ソーシャルメディアでの「シン・ゴジラ」の評判を振り返ると、ちょっと変わった変遷をたどった印象があります。
昨年春に、庵野監督の指揮の下でゴジラ映画を制作すると報道されると、盛んに話題になりました。
しかし、予告編がリリースされたころには、その熱狂はいったん静まり、封切り直後の映画館では、空き席が目立つというネットの書き込みも散見されました。
しかし、いざ見てみれば「大傑作」というわけで、絶賛が絶賛を呼ぶ展開に……。ここに至るまで、封切りから1、2週間はかかっていたと思います。ほかのヒット映画では、公開直後からソーシャルメディアで評判になるケースが多く、それに比べるとスロースタートでしたが、勢いがついてからの爆発が凄かった。

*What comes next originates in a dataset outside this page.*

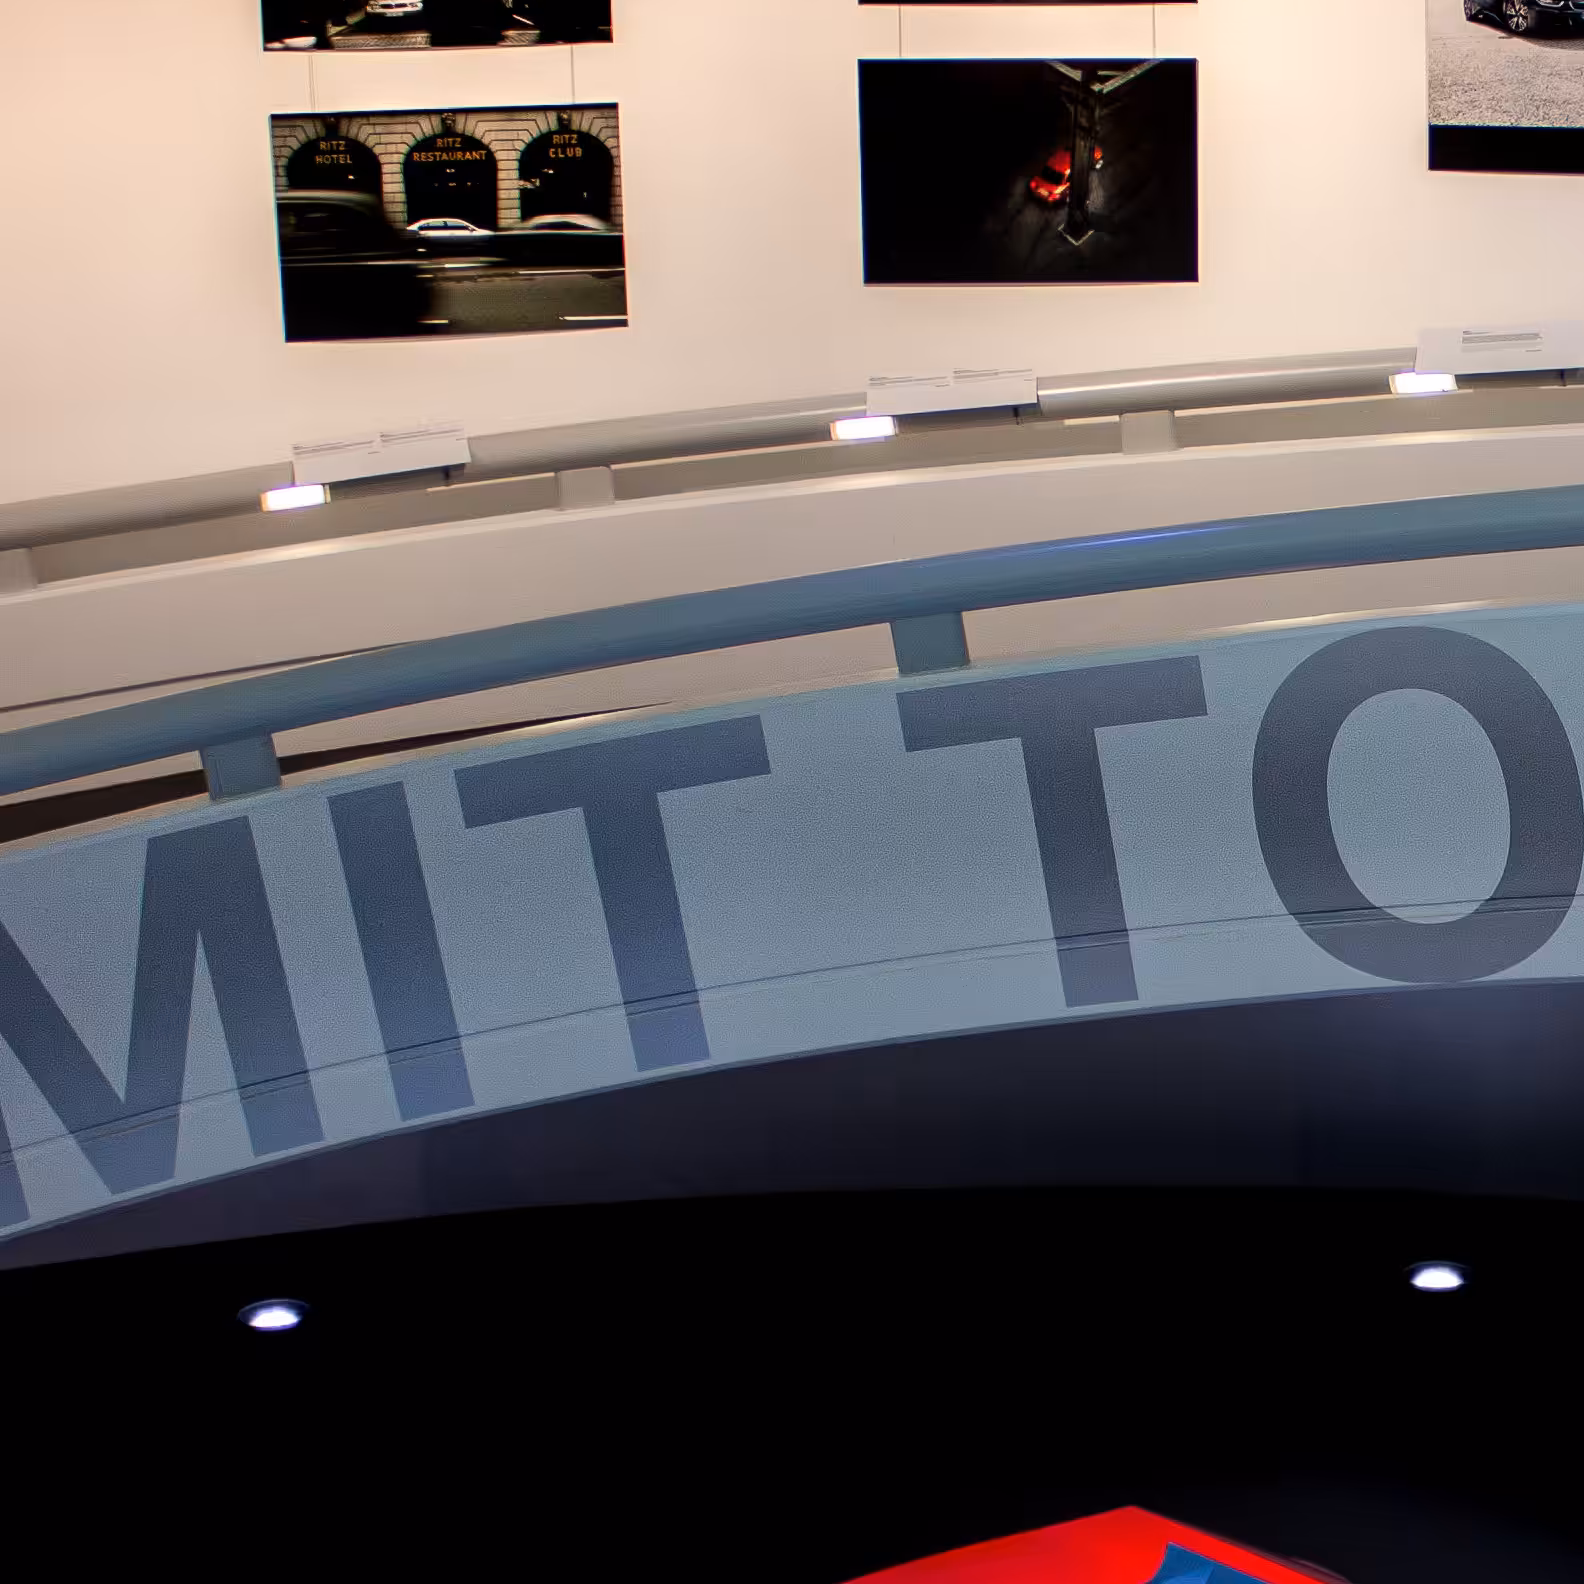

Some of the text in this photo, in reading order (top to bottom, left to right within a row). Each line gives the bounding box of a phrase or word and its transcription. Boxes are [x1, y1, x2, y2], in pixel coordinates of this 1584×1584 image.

この爆発には、予告編での期待値調整が少なからず影響していると思います。例え、同じレベルに面白い映画でも、「予想通りの佳作」と評価されるより、「予想を裏切る佳作」というクチコミが広がったほうが、はるかに集客力が大きいのです。
予告編ににじむ、庵野監督の凄味
ただし、このあえて期待値を下げるような作戦は、誰にでも実行できるわけではありません。
「期待していなかったけど、本当につまらなかった」と言われては元も子もありません。そもそも、期待値の低い映画を見るため映画館にわざわざ足を運ぶ人が、どれほどいるでしょう。
予告編がつまらなくても「見てみようかな」と思わせてしまう、庵野監督への期待感、そして、実際に見せてしまえば「予想を裏切る傑作」と観客をうならせられるという、圧倒的な自信なくしては、成り立たない戦略です。
そんな「シン・ゴジラ」のスケールの大きさには遠く及びませんが、実は私にも最近、期待値を低く調整した経験があります。
具体的には、リブセンスが半年に一度、全社員を集めて開く「半期納会」でのこと。今年の夏の納会で、打ち上げの食事に対する社員の期待値を、戦略的に下げたのです。